We were dining near the Gare du Nord, inside a little restaurant where Arsène Lupin had invited me to join him. He is rather fond of telegraphing to me, occasionally, in the morning and arranging a meeting of this kind in some corner or other of Paris. He always arrives in the highest spirits, rejoicing in life, unaffectedly and good-humouredly, and always has some surprising anecdote to tell me, some memory, the story of some adventure that I have not heard before.

That evening, he seemed to me to let himself go even more than usual. He laughed and chatted with a singular animation and with that delicate irony which is all his own, an irony devoid of bitterness, light and spontaneous. It was a pleasure to see him like that, and I could not help expressing my satisfaction.

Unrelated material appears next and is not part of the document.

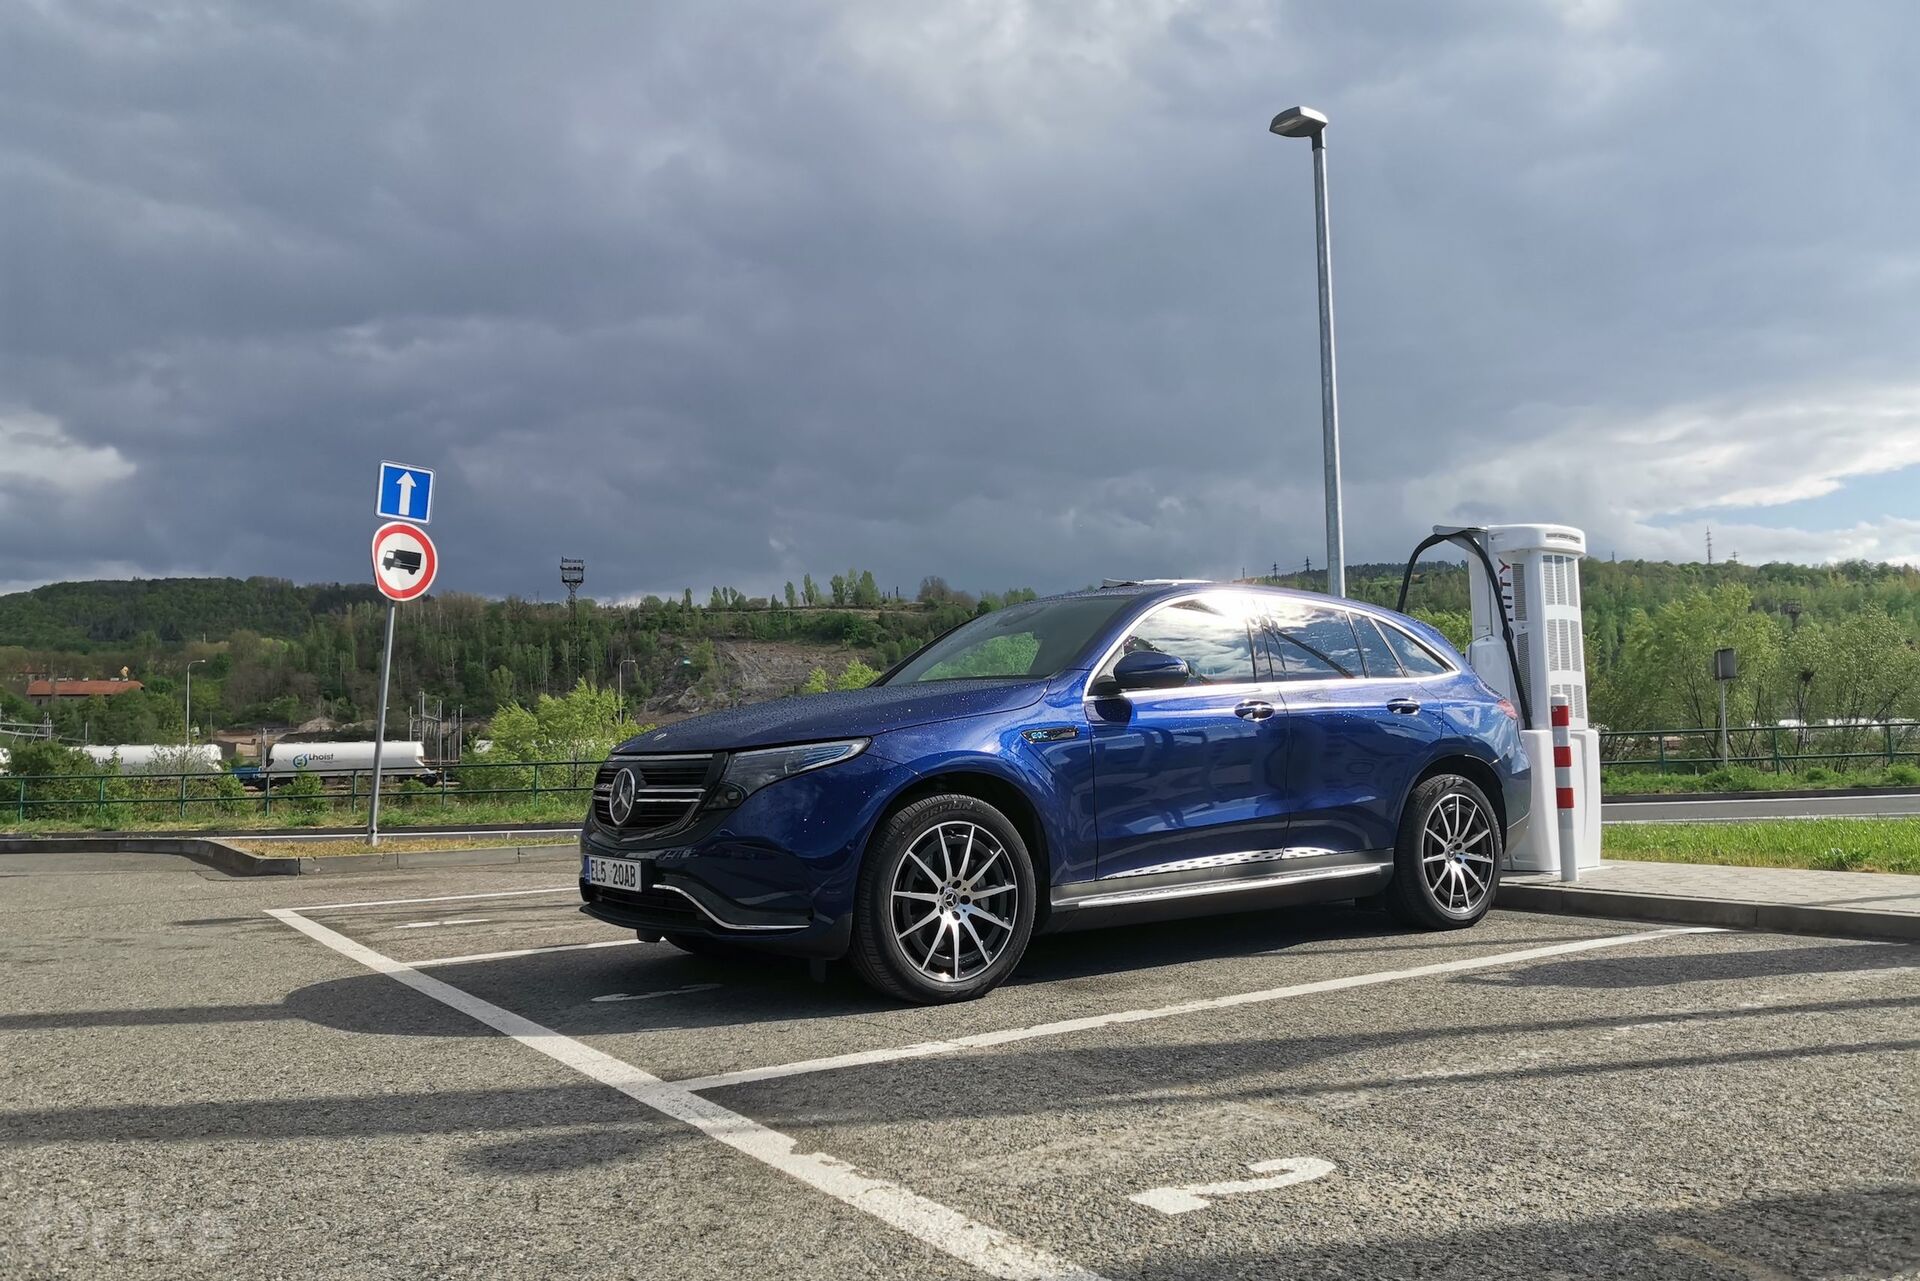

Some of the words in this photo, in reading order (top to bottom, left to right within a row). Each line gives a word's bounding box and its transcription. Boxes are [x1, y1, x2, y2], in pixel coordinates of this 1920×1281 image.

"Oh, yes," he cried, "I have days when everything seems delightful, when life bubbles in me like an infinite treasure which I can never exhaust. And yet goodness knows that I live without counting!"

"Too much so, perhaps."

"The treasure is infinite, I tell you! I can spend myself and squander myself, I can fling my strength and my youth to the four winds of heaven and I am only making room for greater and more youthful strength.... And then, really, my life is so beautiful!... I need only have the wish—isn't it so?—to become, from one day to the next, anything: an orator, a great manufacturer, a politician.... Well, I swear to you, the idea would never enter my head! Arsène Lupin I am, Arsène Lupin I remain. And I search history in vain for a destiny to compare with mine, fuller, more intense.... Napoleon? Yes, perhaps.... But then it is Napoleon at the end of his imperial career, during the campaign in France, when Europe was crushing him and when he was wondering whether each battle was not the last which he would fight."

Was he serious? Was he jesting? The tone of his voice had grown more eager and he continued:

"Everything's there, you see: danger! The uninterrupted impression of danger! Oh, to breathe it like the air one breathes, to feel it around one, blowing, roaring, lying in wait, approaching!... And, in the midst of the storm, to remain calm ... not to flinch!... If you do, you are lost.... There is only one sensation to equal it, that of the chauffeur driving his car. But that drive lasts for a morning, whereas mine lasts all through life!"

"How lyrical we are!" I cried. "And you would have me believe that you have no special reason for excitement!"

He smiled.

"You're a shrewd enough psychologist," he replied. "There is something more, as you say."